## [EXERCISE INSTRUCTIONS]
Retyping the data exactly is the task. Include every line.

## [DATA LISTING]

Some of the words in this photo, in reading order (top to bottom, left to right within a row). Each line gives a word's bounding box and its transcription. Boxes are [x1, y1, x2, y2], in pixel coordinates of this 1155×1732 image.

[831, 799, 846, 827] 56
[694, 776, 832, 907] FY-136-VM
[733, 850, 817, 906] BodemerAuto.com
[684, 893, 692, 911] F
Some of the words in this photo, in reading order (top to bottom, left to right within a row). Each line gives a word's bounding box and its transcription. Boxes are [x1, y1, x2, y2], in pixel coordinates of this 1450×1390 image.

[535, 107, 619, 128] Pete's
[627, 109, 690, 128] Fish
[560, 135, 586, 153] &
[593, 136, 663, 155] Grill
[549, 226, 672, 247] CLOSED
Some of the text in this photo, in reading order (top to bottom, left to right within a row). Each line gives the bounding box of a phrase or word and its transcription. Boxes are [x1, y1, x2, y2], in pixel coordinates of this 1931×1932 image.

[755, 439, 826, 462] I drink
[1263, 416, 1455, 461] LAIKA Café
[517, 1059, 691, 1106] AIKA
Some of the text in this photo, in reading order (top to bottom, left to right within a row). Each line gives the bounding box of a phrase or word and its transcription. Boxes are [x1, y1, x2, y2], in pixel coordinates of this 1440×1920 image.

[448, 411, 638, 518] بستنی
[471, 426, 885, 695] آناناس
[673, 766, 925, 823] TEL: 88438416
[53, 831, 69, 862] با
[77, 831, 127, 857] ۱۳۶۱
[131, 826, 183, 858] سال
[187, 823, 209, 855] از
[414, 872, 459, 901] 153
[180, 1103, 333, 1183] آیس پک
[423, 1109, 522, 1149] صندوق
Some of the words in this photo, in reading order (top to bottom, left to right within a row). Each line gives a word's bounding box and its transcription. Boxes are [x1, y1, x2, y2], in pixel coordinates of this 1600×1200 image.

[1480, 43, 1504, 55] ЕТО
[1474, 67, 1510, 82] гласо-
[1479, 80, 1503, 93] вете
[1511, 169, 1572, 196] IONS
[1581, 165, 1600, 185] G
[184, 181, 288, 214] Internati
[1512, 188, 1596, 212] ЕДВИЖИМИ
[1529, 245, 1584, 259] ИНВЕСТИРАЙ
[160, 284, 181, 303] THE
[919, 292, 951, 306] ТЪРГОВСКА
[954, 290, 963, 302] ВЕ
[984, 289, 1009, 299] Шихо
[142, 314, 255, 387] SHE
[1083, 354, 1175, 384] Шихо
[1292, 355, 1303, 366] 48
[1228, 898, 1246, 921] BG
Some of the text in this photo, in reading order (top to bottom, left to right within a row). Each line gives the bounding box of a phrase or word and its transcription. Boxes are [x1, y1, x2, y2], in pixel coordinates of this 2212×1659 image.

## [TASK SOLUTION]
Some of the words in this photo, in reading order (top to bottom, left to right within a row). Each line gives a word's bounding box and its transcription. Boxes are [x1, y1, x2, y2], in pixel coordinates of this 1155×1732 image.

[831, 799, 846, 827] 56
[694, 776, 832, 907] FY-136-VM
[733, 850, 817, 906] BodemerAuto.com
[684, 893, 692, 911] F
Some of the words in this photo, in reading order (top to bottom, left to right within a row). Each line gives a word's bounding box and its transcription. Boxes are [x1, y1, x2, y2], in pixel coordinates of this 1450×1390 image.

[535, 107, 619, 128] Pete's
[627, 109, 690, 128] Fish
[560, 135, 586, 153] &
[593, 136, 663, 155] Grill
[549, 226, 672, 247] CLOSED
Some of the text in this photo, in reading order (top to bottom, left to right within a row). Each line gives the bounding box of a phrase or word and its transcription. Boxes are [x1, y1, x2, y2], in pixel coordinates of this 1931×1932 image.

[755, 439, 826, 462] I drink
[1263, 416, 1455, 461] LAIKA Café
[517, 1059, 691, 1106] AIKA
Some of the text in this photo, in reading order (top to bottom, left to right within a row). Each line gives the bounding box of a phrase or word and its transcription. Boxes are [x1, y1, x2, y2], in pixel coordinates of this 1440×1920 image.

[448, 411, 638, 518] بستنی
[471, 426, 885, 695] آناناس
[673, 766, 925, 823] TEL: 88438416
[53, 831, 69, 862] با
[77, 831, 127, 857] ۱۳۶۱
[131, 826, 183, 858] سال
[187, 823, 209, 855] از
[414, 872, 459, 901] 153
[180, 1103, 333, 1183] آیس پک
[423, 1109, 522, 1149] صندوق
Some of the words in this photo, in reading order (top to bottom, left to right within a row). Each line gives a word's bounding box and its transcription. Boxes are [x1, y1, x2, y2], in pixel coordinates of this 1600×1200 image.

[1480, 43, 1504, 55] ЕТО
[1474, 67, 1510, 82] гласо-
[1479, 80, 1503, 93] вете
[1511, 169, 1572, 196] IONS
[1581, 165, 1600, 185] G
[184, 181, 288, 214] Internati
[1512, 188, 1596, 212] ЕДВИЖИМИ
[1529, 245, 1584, 259] ИНВЕСТИРАЙ
[160, 284, 181, 303] THE
[919, 292, 951, 306] ТЪРГОВСКА
[954, 290, 963, 302] ВЕ
[984, 289, 1009, 299] Шихо
[142, 314, 255, 387] SHE
[1083, 354, 1175, 384] Шихо
[1292, 355, 1303, 366] 48
[1228, 898, 1246, 921] BG
Some of the text in this photo, in reading order (top to bottom, left to right within a row). Each line gives the bounding box of a phrase or word and its transcription. Boxes are [x1, y1, x2, y2], in pixel coordinates of this 2212×1659 image.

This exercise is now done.